Piecewise regression for comparing drug switchers vs non-switchers

Hi!

Let’s start saying that I a newbie in the field of Bayesian Modelling, and just recently fell in love with the Bayesian framework thanks to @harrelfe after attending to one of his courses.
So apologies if my question is trivial

The setting: I want to compare some outcome y (e.g. lean muscle measured with dexa) in patients taking some medication A. Patients are followed up for years (not all with the exact same timing, but roughly once a year) and some of them might switch to drug B (actually the alternatives are more but let’s forget about it for now). So some patients will not switch during their fup, some will. And they switch not all at the same time (this is not a planned intervention at time t).

Let’s just thing for the moment at the simplest question: how can I compare the trends of y in switchers vs non-switchers? Most relevant the after switch slope compared to non-switchers?

I simulate some simple data with the following code.

# Parameters
intercept = -2
slope1 = 1.0
slope2 = -0.5
changepoints = runif(30, 2, 7)

## Df for subjects with change
df <- data.frame(
  age = rep(seq(0, 10, by=0.5), 30),
  person = factor(rep(1:30, each = 21))
) 

df$y = rnorm(nrow(df), mean = df$z, sd = 0.5)
df$chpt = changepoints[df$person]

## Df for subjects without change

df_g <- data.frame(
  age = rep(seq(0, 10, by=0.5), 30),
  person = factor(rep(31:60, each = 21))
) 

df_g$z = intercept+1 + slope1 * df_g$age

## add some within subject noise
df_g$y = rnorm(nrow(df_g), mean = df_g$z, sd = 0.5)

## Merge them
df_g = df %>% mutate(Group="A") %>% 
  bind_rows(df_g %>% 
              mutate(Group="B",
                     chpt=0))

df_g = df_g %>% mutate(Group=factor(Group),
                       G=as.integer(Group=="A"))

## Plot
ggplot(df_g, aes(y=y, x=age,colour = Group)) + 
  geom_point() + 
  theme(legend.position = 'none') + 
  geom_smooth()

So I guess I would like to estimate

• a common slope before switch. This slope is likely to be the only one for non-switchers
• a slope after switch (for switchers only)
• a population average time at switch.

I am assuming there is a substantial change after switch, but there might be little in reality

I read the post Piecewise Linear Mixed Models With a Random Change Point but here I know when the change point for each patient (among the switchers).

I modelled this in the past (traditionally) setting to zero the switch time for all switchers and median switch time for non switchers (also did with switcher-non switcher matching on time but not happy about it).

Any hint?

• Operating System: Mac OS and Linux Debian
• brms Version: 2.22.0

I don’t actually know the brms syntax, but I’m guessing that what you need to do is introduce a covariate for before/after change point.
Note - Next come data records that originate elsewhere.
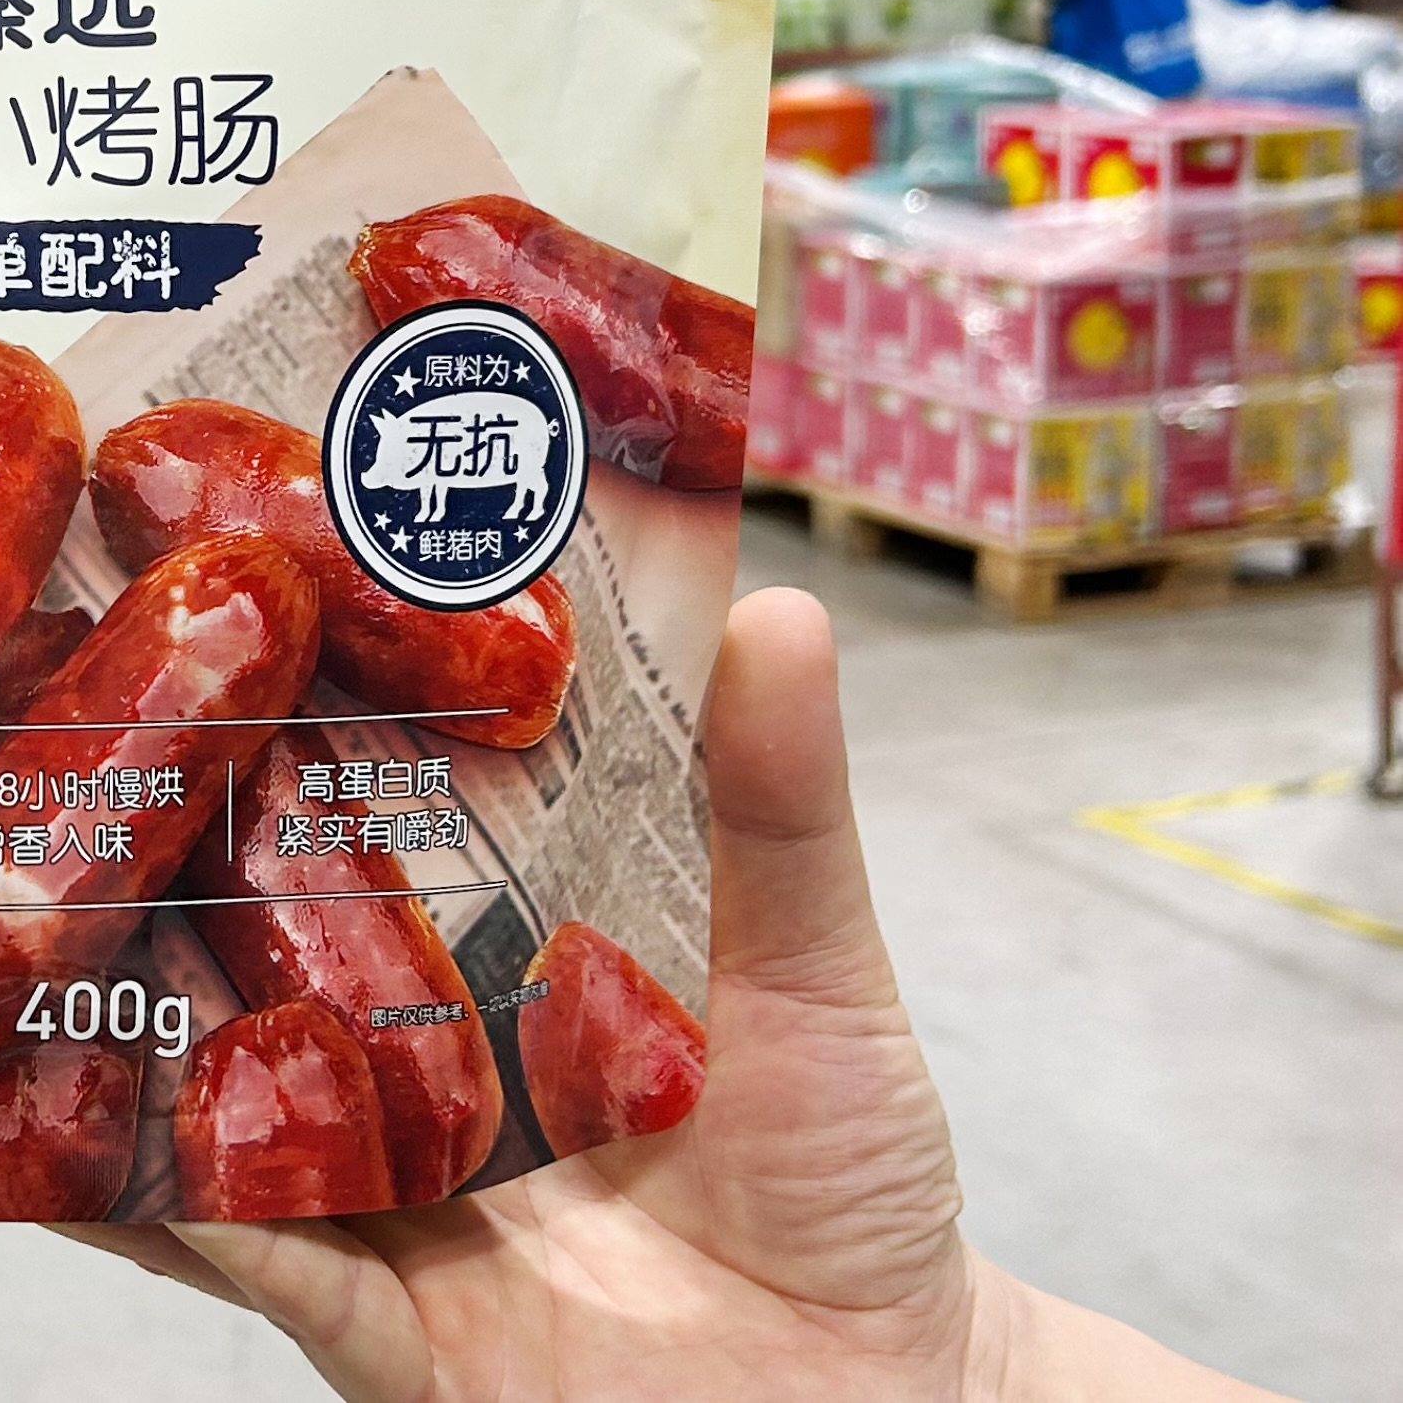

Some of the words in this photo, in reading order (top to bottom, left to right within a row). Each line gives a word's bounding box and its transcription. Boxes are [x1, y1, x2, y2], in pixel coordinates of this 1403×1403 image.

[423, 353, 510, 388] 原料为
[405, 413, 519, 478] 无抗
[418, 527, 502, 563] 鲜猪肉
[297, 756, 452, 803] 高蛋白质
[276, 807, 469, 856] 紧实有嚼劲
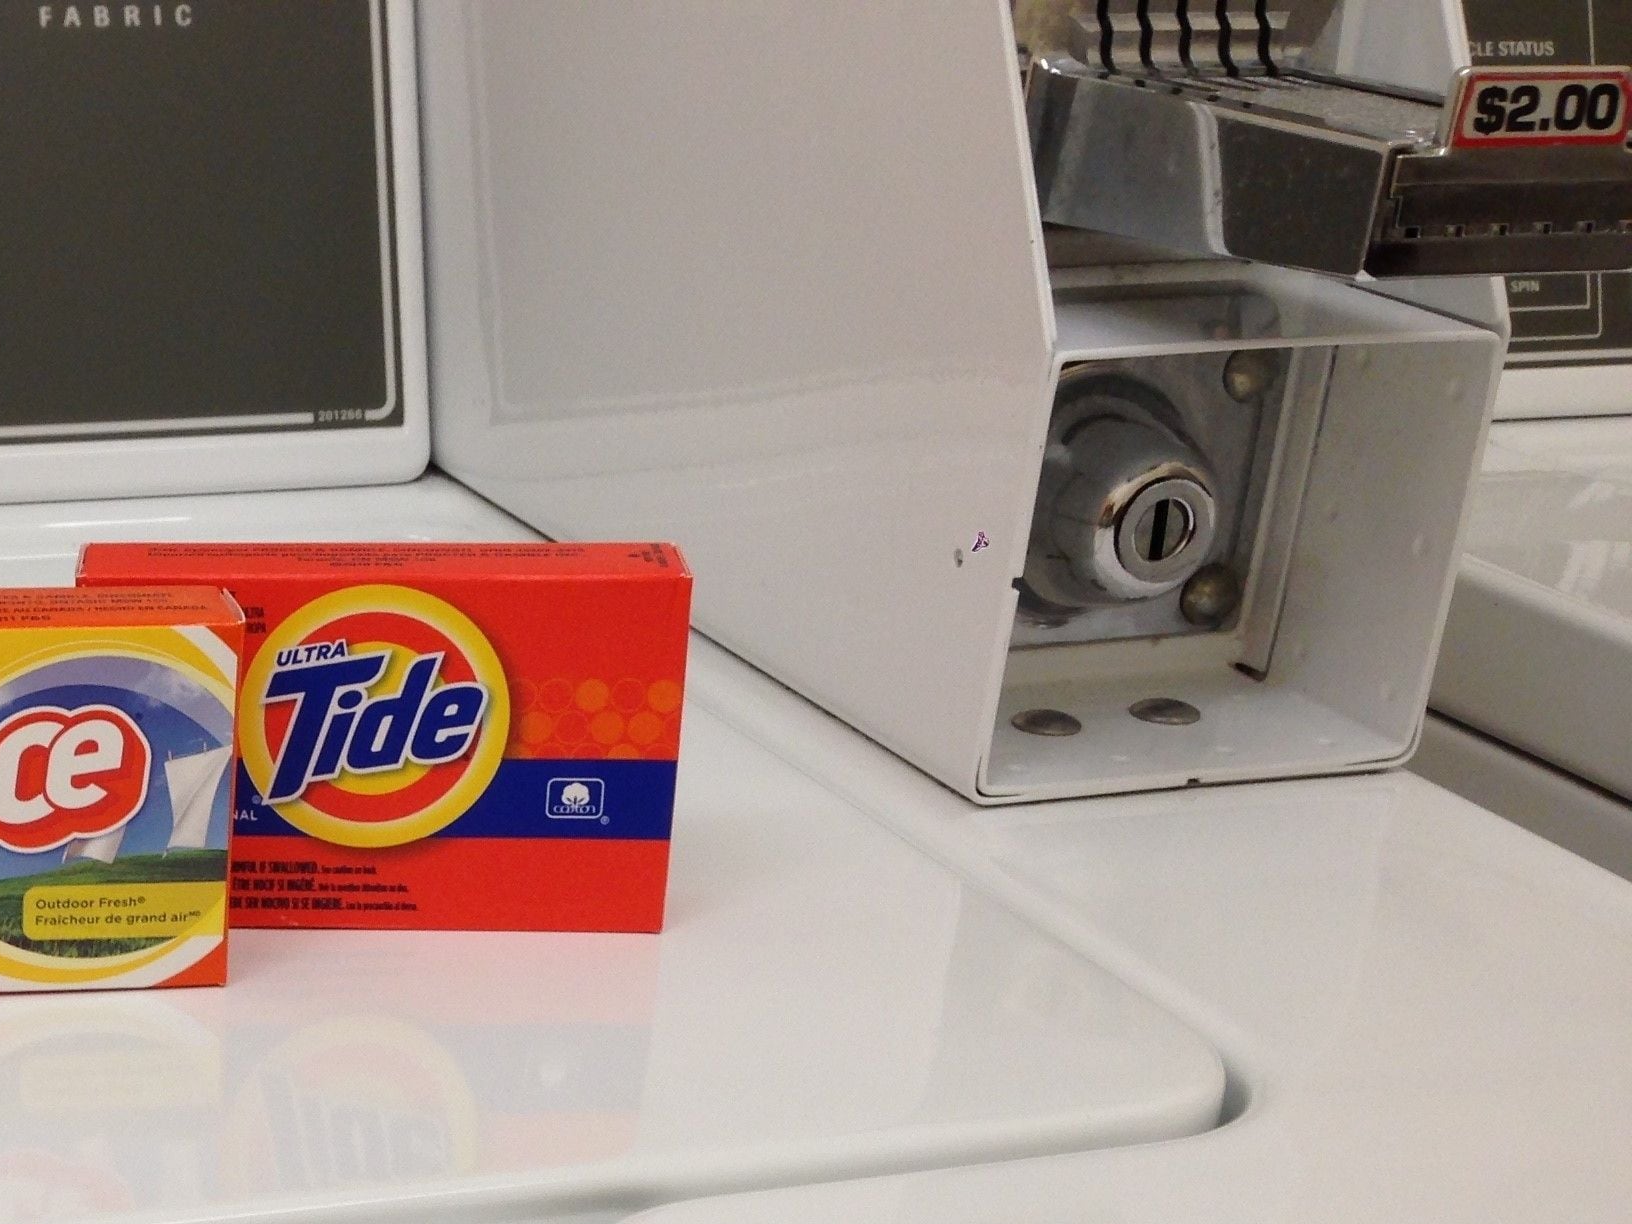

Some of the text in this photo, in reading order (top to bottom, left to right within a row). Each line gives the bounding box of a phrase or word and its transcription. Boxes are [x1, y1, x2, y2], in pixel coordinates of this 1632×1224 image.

[39, 4, 193, 29] FABRIC
[1498, 40, 1555, 57] STATUS
[1473, 83, 1620, 135] $2.00
[1510, 280, 1540, 294] SPIN
[276, 640, 346, 667] ULTRA
[260, 652, 487, 803] Tide
[35, 897, 94, 910] Outdoor
[105, 913, 122, 924] de
[126, 911, 166, 925] grand
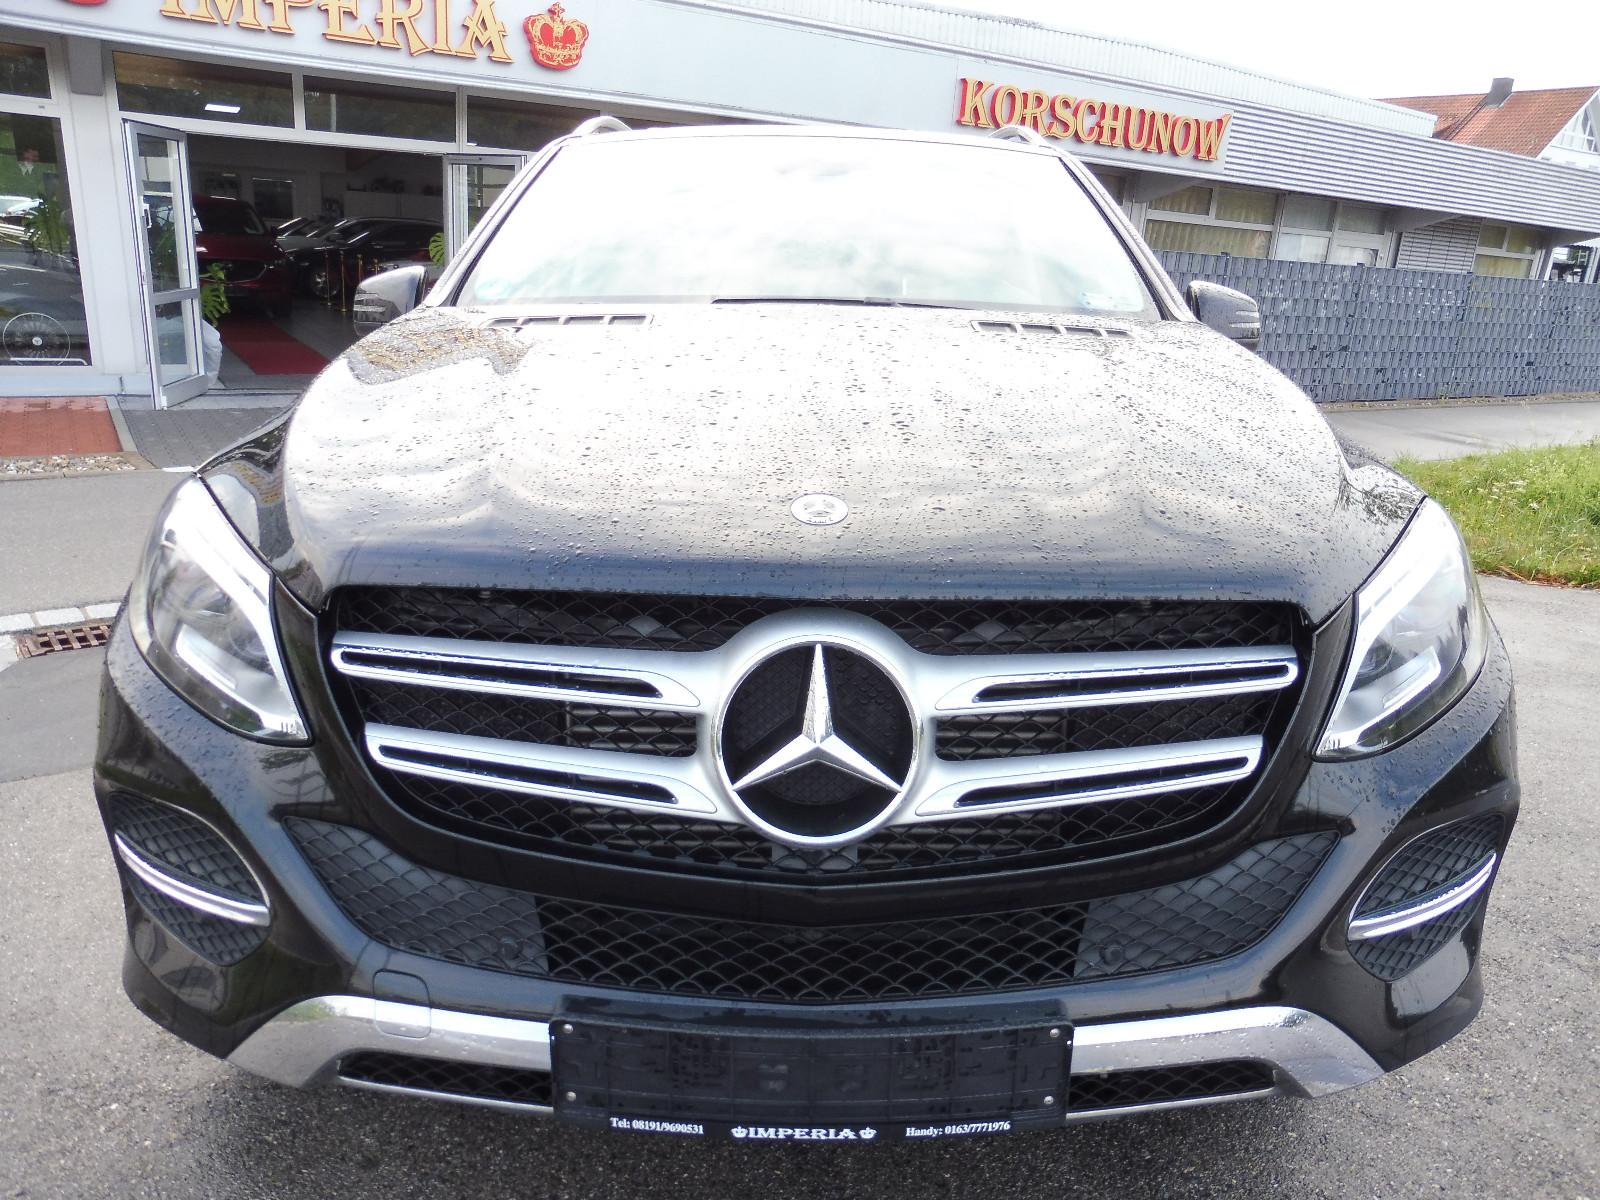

Then you can model a difference in slope before or after the switch. In Stan, that’d just be something like this:

parameters {
  real slope;
  real diff;
  ...
}
model {
  for (n in 1:N) {
    for (t in 1:T) {
      real adj_slope = t > change[n] ? slope + diff : slope;
      ... use adjusted slope ...
    }
  }

In brms, I’m guessing you can use an indicator covariate change[n, t] for subject n at time t that is 1 if t is after subject n’s changepoint. Then you can include the original slope and a new slope for the difference using covariate change.

Thanks @Bob_Carpenter

As I said I pretty new to Bayesian modelling and have a very vague idea of Stan syntax. I guess it would be worth investing some time at learning it.

Back to the point.

I actually did something alike with two slopes, slope_1 (before, if t < change) and slope_2 (after, i.e if t >= change) ).

First issue is that I have different groups, so ideally two slopes each.
Second, and more tricky, one group actually never switched, so there is no change-time.

What’s the trend for those who switch A->B? Those who switched A->C? And those who didn’t switch at all?

I currently cannot access the stan forums directly so can only respond via email. From what you describe, I think it would make most sense if you directly specified your model in Stan, building on the code that Bob provided. Your model may be possible in brms, but it would likely be more cumbersome to write in brms than in Stan directly.

I’m sure we can sort this out. Do you know why? Do you need us to generate another login or something for you? (If you can send email, I’ll see it—I may not see a reply to this forum post).

It now seems to work again. It was some temporary issue with discourse perhaps.